O Estado brasileiro foi condenado pela Corte Interamericana de Direitos Humanos por não garantir a realização da justiça no caso Cosme Rosa Genoveva e outros v. Brasil, que se refere às chacinas de “Nova Brasília”, no Complexo do Alemão, Rio de Janeiro. A sentença destacou a violência policial como uma violação de direitos humanos no Brasil, em especial no Rio de Janeiro, que atinge predominantemente jovens, negros, pobres e desarmados.

As chacinas aconteceram em outubro de 1994 e maio 1995 e resultaram na morte de 26 jovens e na tortura e violência sexual de três meninas, duas menores de idade à época, todas perpetradas por policiais do estado do Rio de Janeiro. Os homicídios dos jovens ocorreram durante operações policiais realizadas no Complexo do Alemão. A alta letalidade das polícias é um problema estrutural no Brasil, onde em 2015 as forças de segurança foram responsáveis por pelo menos 9 mortes por dia, segundo o Fórum Brasileiro de Segurança Pública. Estima-se que esse número, no entanto, seja subnotificado.

“A sentença da Corte Interamericana é de grande importância por reafirmar a responsabilidade do Estado brasileiro na investigação e responsabilização de graves abusos de direitos humanos cometidos por policiais em territórios de favelas e periferias. As chacinas de Nova Brasília ocorreram há mais de 20 anos e ninguém foi responsabilizado. Nem pelas mortes dos jovens, nem pela violência sexual cometida contra as mulheres, que acabam marcadas duplamente pela violência policial ao perderem seus entes queridos e estarem expostas a todo tipo de abuso. Esta impunidade alimenta o ciclo de violência policial nesses territórios que até hoje sofrem com inúmeras violações”, afirma Jurema Werneck, diretora executiva da Anistia Internacional Brasil.

Na sentença, a Corte determina que as investigações da chacina de 1994 sejam conduzidas de forma eficaz e que se inicie ou reative a investigação da chacina ocorrida em 1995. Os homicídios nas duas chacinas apresentam características de execuções extrajudiciais e foram registrados como “autos de resistência”, não sendo investigados devido à presunção de que as mortes teriam sido em decorrência de confrontos, o que acaba por responsabilizar as próprias vítimas por sua morte. O padrão de atuação da polícia nas favelas no Rio de Janeiro pouco mudou desde então. Em 2015, 20 anos depois da chacina de 1995, a Anistia Internacional documentou uma série de casos de execuções pela polícia na cidade do Rio de Janeiro, no relatório “Você matou meu filho”.

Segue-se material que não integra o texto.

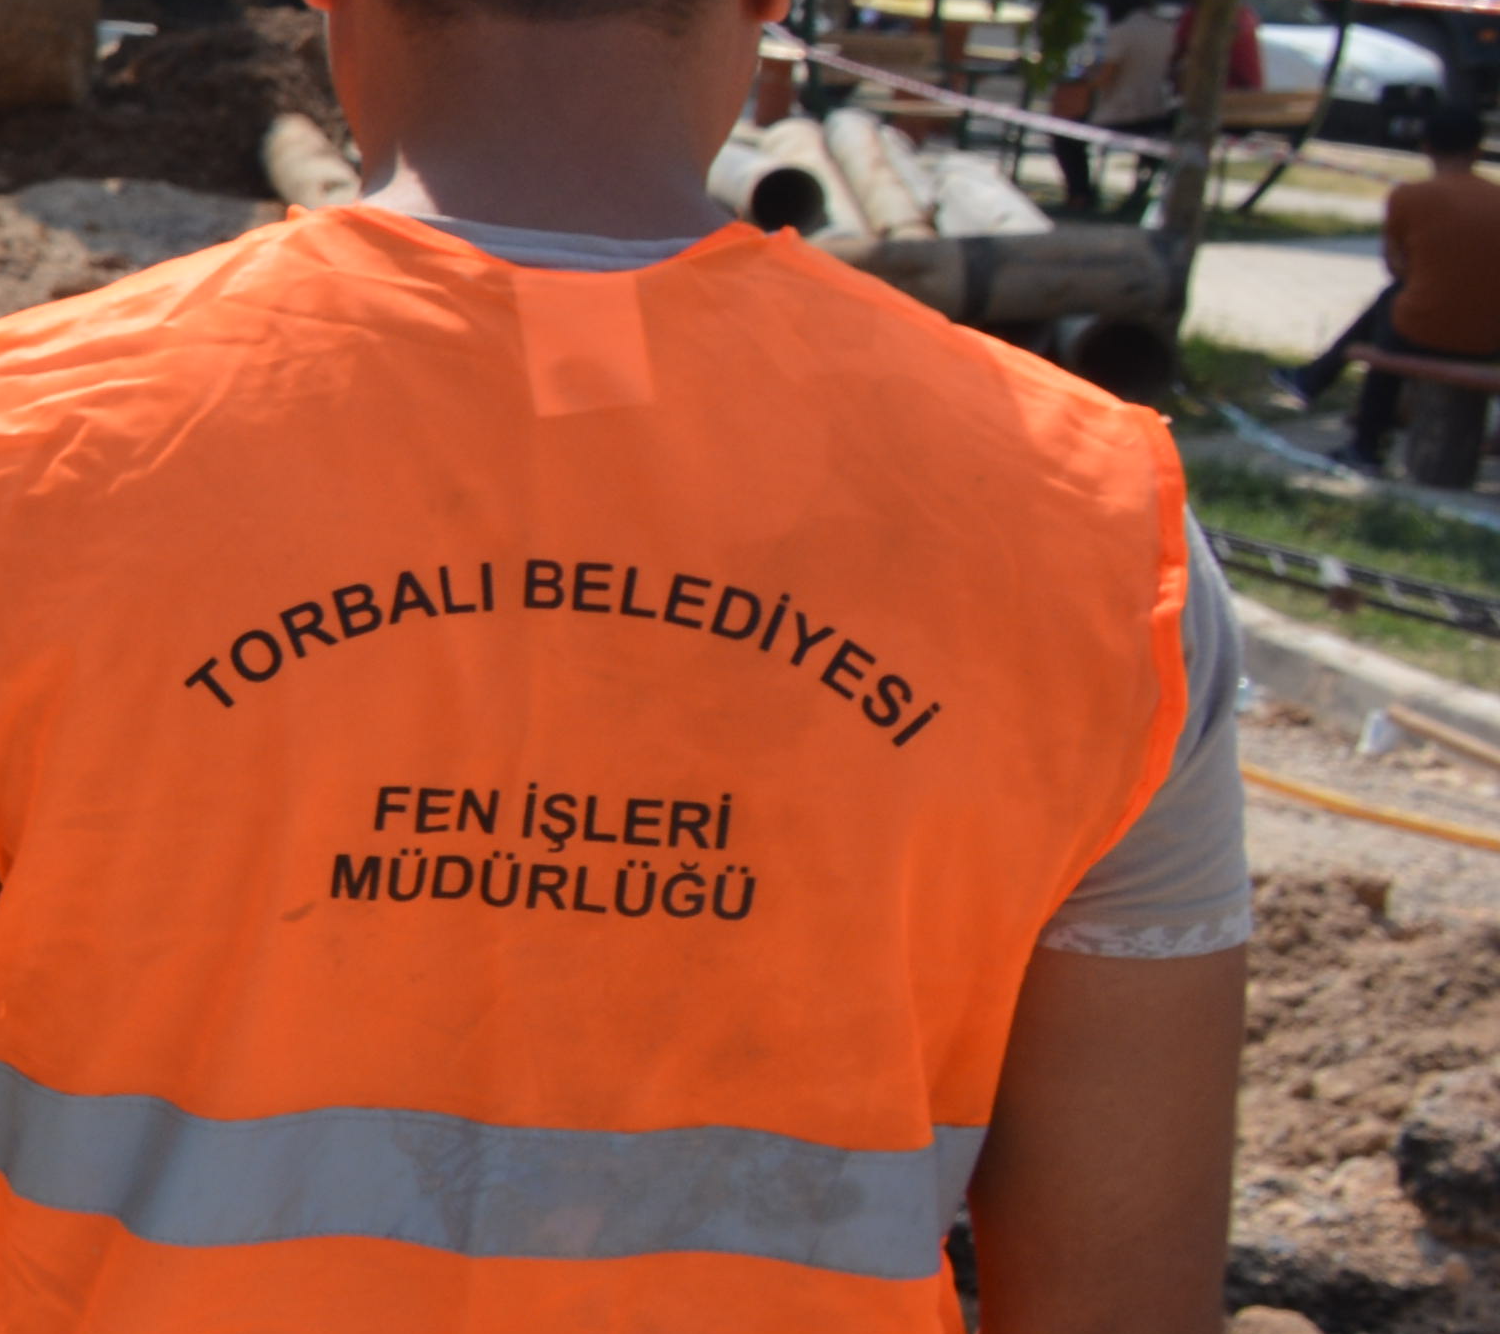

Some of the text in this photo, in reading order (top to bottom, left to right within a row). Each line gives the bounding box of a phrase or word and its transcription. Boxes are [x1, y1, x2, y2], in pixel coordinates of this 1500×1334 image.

[184, 558, 942, 748] TORBALI BELEDİYESİ
[373, 782, 733, 852] FEN İŞLERİ
[330, 848, 757, 922] MÜDÜRLÜĞÜ

“Esta condenação reitera o que organizações de direitos humanos e movimentos sociais têm denunciado há anos sobre a atuação das forças de segurança em favelas e periferias do Rio de Janeiro, que também se repete em outros lugares do Brasil. É urgente que o Estado brasileiro cumpra as determinações da Corte Interamericana e garanta a responsabilização dos autores dos crimes, levando em consideração a perspectiva de gênero necessária, e justiça, reparação e proteção para as vítimas e suas famílias. Esta sentença deve orientar o Estado brasileiro na investigação e responsabilização de crimes cometidos pelas forças de segurança, reforçando a importância de uma investigação rápida e independente e a necessidade de uma atuação mais robusta do Ministério Público no controle externo da atividade policial, na defesa de direitos e proteção às vítimas”, completa Jurema.

Além de investigação independente e responsabilização pelos crimes, indenização e proteção para as vítimas e suas famílias, a Corte Interamericana determinou que o Brasil deve publicar anualmente um relatório oficial com dados relativos às mortes decorrentes de intervenção policial em todos os estados do país; estabelecer metas e políticas para a redução da violência e da letalidade policial no Rio de Janeiro; uniformizar o uso da expressão “lesão corporal ou homicídio decorrente de intervenção policial” nas investigações de mortes provocadas pela ação policial, abolindo o conceito de “oposição” ou “resistência” a tal atuação.

“As chacinas ocorreram há mais de 20 anos, mas a violência policial é uma realidade nas favelas e periferias do Brasil até hoje. Somente no Rio de Janeiro, as mortes decorrentes de intervenção policial passaram de 416 em 2013 para 920 em 2016. Em 2017, os números não param de subir e o Complexo do Alemão, assim como o Complexo da Maré, Acari, Manguinhos, entre outras favelas do Rio, tem vivenciado níveis absurdos de violência, homicídios e abusos de direitos humanos praticados por policiais. Isso precisa ter fim”, finaliza Jurema.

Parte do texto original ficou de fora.